Records supplied:
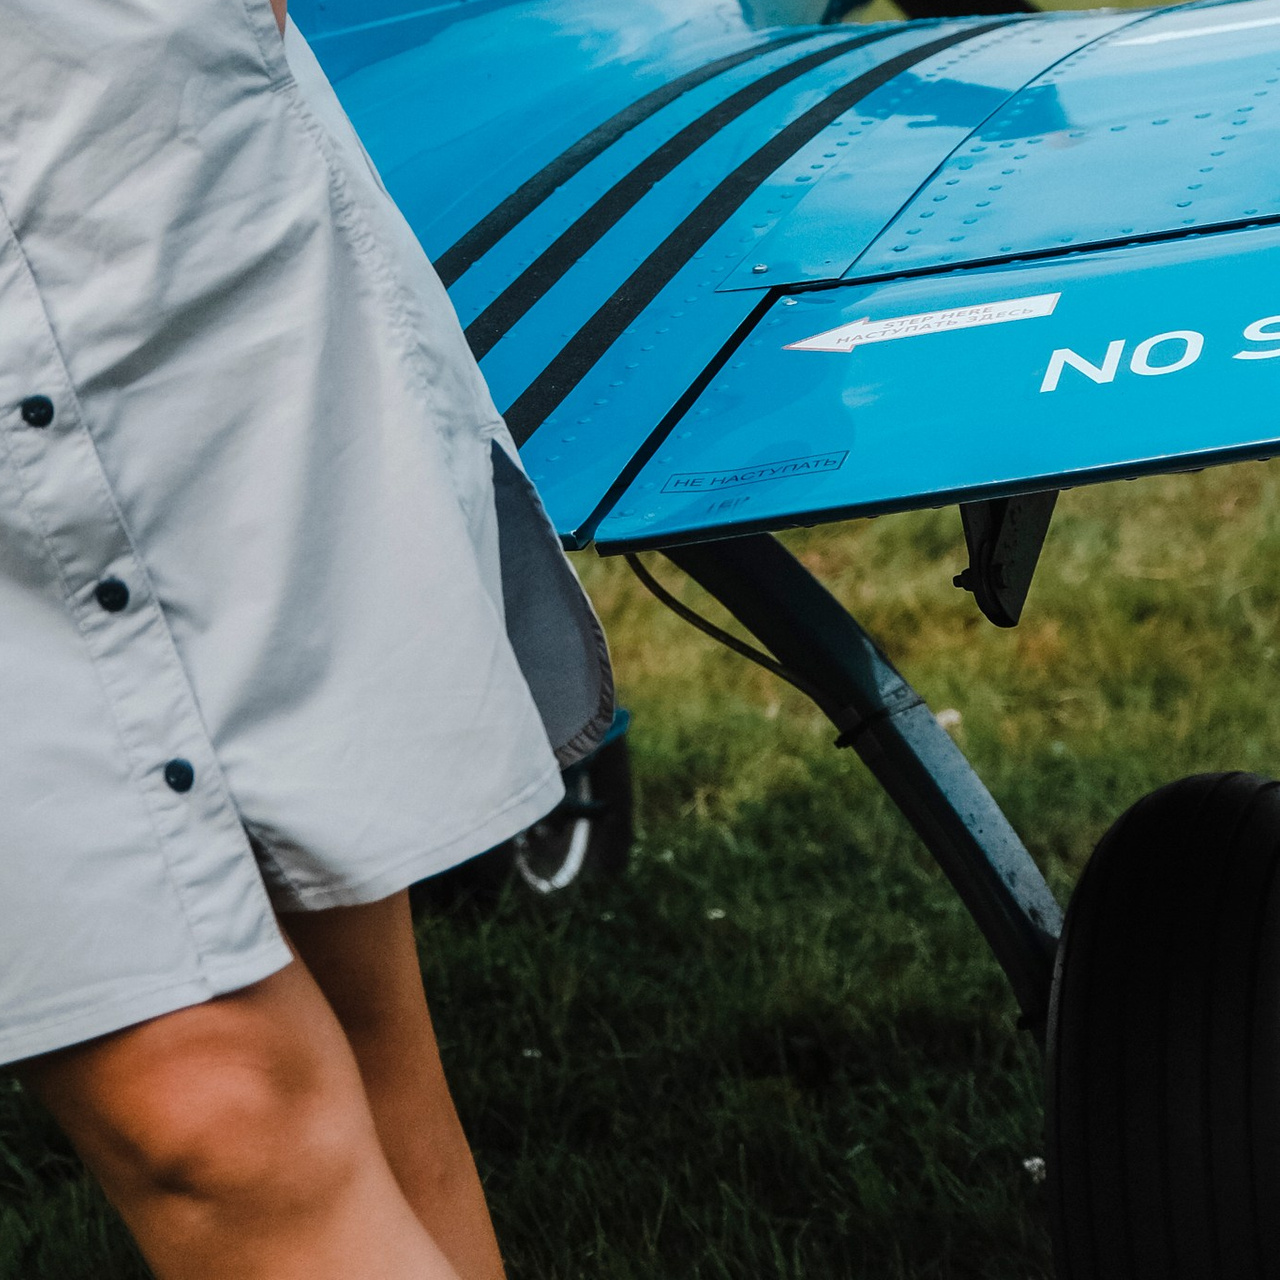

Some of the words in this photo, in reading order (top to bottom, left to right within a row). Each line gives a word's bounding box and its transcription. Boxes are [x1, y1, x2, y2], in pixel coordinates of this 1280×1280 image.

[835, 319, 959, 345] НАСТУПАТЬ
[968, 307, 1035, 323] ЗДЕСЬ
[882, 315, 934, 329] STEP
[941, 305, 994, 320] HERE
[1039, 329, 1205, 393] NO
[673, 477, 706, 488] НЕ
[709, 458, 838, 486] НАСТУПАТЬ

Exercise:
Set down every entry word for word, but omit the pictures.

Reply to the task:
Some of the words in this photo, in reading order (top to bottom, left to right within a row). Each line gives a word's bounding box and its transcription. Boxes are [x1, y1, x2, y2], in pixel coordinates of this 1280×1280 image.

[835, 319, 959, 345] НАСТУПАТЬ
[968, 307, 1035, 323] ЗДЕСЬ
[882, 315, 934, 329] STEP
[941, 305, 994, 320] HERE
[1039, 329, 1205, 393] NO
[673, 477, 706, 488] НЕ
[709, 458, 838, 486] НАСТУПАТЬ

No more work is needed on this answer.